[[ Data under study open ]]

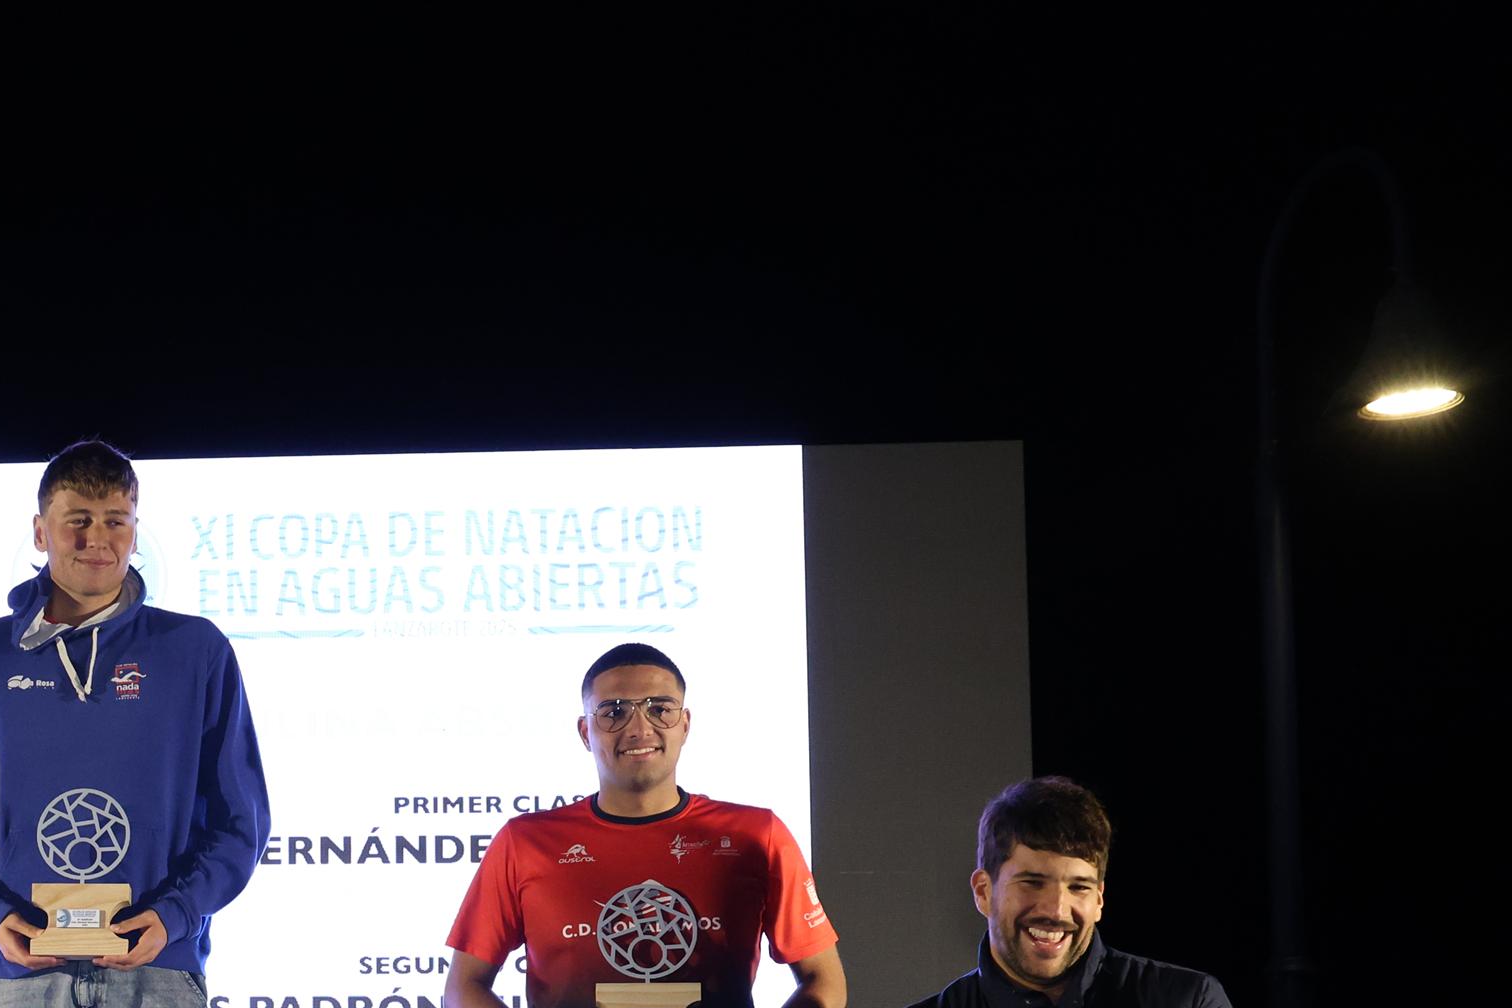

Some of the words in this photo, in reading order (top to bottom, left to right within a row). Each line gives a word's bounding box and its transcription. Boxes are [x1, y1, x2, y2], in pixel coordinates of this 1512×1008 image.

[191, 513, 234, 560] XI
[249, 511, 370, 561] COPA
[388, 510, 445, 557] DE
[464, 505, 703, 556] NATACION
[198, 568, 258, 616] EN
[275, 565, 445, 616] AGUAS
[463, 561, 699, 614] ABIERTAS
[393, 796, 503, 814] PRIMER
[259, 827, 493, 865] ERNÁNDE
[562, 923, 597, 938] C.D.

[[ Data under study closed ]]

» **What to produce**
The job is to copy all the records precisely while omitting any picture.

» **Written response**
Some of the words in this photo, in reading order (top to bottom, left to right within a row). Each line gives a word's bounding box and its transcription. Boxes are [x1, y1, x2, y2], in pixel coordinates of this 1512×1008 image.

[191, 513, 234, 560] XI
[249, 511, 370, 561] COPA
[388, 510, 445, 557] DE
[464, 505, 703, 556] NATACION
[198, 568, 258, 616] EN
[275, 565, 445, 616] AGUAS
[463, 561, 699, 614] ABIERTAS
[393, 796, 503, 814] PRIMER
[259, 827, 493, 865] ERNÁNDE
[562, 923, 597, 938] C.D.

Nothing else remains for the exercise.